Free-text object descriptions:
****************************************

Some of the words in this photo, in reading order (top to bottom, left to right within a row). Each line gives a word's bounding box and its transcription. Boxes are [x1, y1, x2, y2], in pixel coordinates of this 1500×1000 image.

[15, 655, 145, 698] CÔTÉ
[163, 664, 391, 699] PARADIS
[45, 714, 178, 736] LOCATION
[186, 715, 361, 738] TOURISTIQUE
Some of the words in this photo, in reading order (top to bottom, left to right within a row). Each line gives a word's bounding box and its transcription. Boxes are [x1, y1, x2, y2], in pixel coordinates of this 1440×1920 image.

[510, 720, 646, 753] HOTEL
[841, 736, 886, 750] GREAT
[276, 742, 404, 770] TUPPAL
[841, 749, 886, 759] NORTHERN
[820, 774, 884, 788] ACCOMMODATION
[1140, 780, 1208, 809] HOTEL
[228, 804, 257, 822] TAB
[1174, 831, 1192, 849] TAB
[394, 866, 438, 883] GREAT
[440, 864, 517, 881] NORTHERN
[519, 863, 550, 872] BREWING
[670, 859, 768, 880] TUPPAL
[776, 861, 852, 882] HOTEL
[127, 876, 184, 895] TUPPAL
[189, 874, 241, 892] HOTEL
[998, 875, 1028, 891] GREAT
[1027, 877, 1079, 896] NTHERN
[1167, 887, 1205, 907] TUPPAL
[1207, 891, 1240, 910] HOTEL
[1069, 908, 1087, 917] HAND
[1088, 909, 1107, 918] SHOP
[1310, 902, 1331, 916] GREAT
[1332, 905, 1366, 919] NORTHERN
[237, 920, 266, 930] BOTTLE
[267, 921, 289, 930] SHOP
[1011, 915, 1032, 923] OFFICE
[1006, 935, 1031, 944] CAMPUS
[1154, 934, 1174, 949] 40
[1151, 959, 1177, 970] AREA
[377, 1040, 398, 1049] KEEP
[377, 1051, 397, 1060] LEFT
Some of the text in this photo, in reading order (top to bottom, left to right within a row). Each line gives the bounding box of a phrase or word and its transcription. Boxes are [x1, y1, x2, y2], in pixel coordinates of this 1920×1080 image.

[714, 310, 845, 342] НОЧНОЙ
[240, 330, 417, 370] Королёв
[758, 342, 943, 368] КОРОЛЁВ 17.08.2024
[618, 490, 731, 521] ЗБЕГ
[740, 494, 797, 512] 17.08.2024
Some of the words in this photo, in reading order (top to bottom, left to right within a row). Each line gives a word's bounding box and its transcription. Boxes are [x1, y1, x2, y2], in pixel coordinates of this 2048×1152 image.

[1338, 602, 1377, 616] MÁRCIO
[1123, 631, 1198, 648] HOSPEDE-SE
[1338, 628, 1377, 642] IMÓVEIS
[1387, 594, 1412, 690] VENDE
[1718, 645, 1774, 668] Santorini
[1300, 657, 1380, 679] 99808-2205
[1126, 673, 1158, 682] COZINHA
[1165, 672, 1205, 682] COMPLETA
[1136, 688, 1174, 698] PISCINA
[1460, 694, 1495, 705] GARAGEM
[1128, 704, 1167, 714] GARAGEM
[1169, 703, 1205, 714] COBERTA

****************************************

# Task description
Nothing in the records above may be left out when you repeat them exactly.

# Answer box
Some of the words in this photo, in reading order (top to bottom, left to right within a row). Each line gives a word's bounding box and its transcription. Boxes are [x1, y1, x2, y2], in pixel coordinates of this 1500×1000 image.

[15, 655, 145, 698] CÔTÉ
[163, 664, 391, 699] PARADIS
[45, 714, 178, 736] LOCATION
[186, 715, 361, 738] TOURISTIQUE
Some of the words in this photo, in reading order (top to bottom, left to right within a row). Each line gives a word's bounding box and its transcription. Boxes are [x1, y1, x2, y2], in pixel coordinates of this 1440×1920 image.

[510, 720, 646, 753] HOTEL
[841, 736, 886, 750] GREAT
[276, 742, 404, 770] TUPPAL
[841, 749, 886, 759] NORTHERN
[820, 774, 884, 788] ACCOMMODATION
[1140, 780, 1208, 809] HOTEL
[228, 804, 257, 822] TAB
[1174, 831, 1192, 849] TAB
[394, 866, 438, 883] GREAT
[440, 864, 517, 881] NORTHERN
[519, 863, 550, 872] BREWING
[670, 859, 768, 880] TUPPAL
[776, 861, 852, 882] HOTEL
[127, 876, 184, 895] TUPPAL
[189, 874, 241, 892] HOTEL
[998, 875, 1028, 891] GREAT
[1027, 877, 1079, 896] NTHERN
[1167, 887, 1205, 907] TUPPAL
[1207, 891, 1240, 910] HOTEL
[1069, 908, 1087, 917] HAND
[1088, 909, 1107, 918] SHOP
[1310, 902, 1331, 916] GREAT
[1332, 905, 1366, 919] NORTHERN
[237, 920, 266, 930] BOTTLE
[267, 921, 289, 930] SHOP
[1011, 915, 1032, 923] OFFICE
[1006, 935, 1031, 944] CAMPUS
[1154, 934, 1174, 949] 40
[1151, 959, 1177, 970] AREA
[377, 1040, 398, 1049] KEEP
[377, 1051, 397, 1060] LEFT
Some of the text in this photo, in reading order (top to bottom, left to right within a row). Each line gives the bounding box of a phrase or word and its transcription. Boxes are [x1, y1, x2, y2], in pixel coordinates of this 1920×1080 image.

[714, 310, 845, 342] НОЧНОЙ
[240, 330, 417, 370] Королёв
[758, 342, 943, 368] КОРОЛЁВ 17.08.2024
[618, 490, 731, 521] ЗБЕГ
[740, 494, 797, 512] 17.08.2024
Some of the words in this photo, in reading order (top to bottom, left to right within a row). Each line gives a word's bounding box and its transcription. Boxes are [x1, y1, x2, y2], in pixel coordinates of this 2048×1152 image.

[1338, 602, 1377, 616] MÁRCIO
[1123, 631, 1198, 648] HOSPEDE-SE
[1338, 628, 1377, 642] IMÓVEIS
[1387, 594, 1412, 690] VENDE
[1718, 645, 1774, 668] Santorini
[1300, 657, 1380, 679] 99808-2205
[1126, 673, 1158, 682] COZINHA
[1165, 672, 1205, 682] COMPLETA
[1136, 688, 1174, 698] PISCINA
[1460, 694, 1495, 705] GARAGEM
[1128, 704, 1167, 714] GARAGEM
[1169, 703, 1205, 714] COBERTA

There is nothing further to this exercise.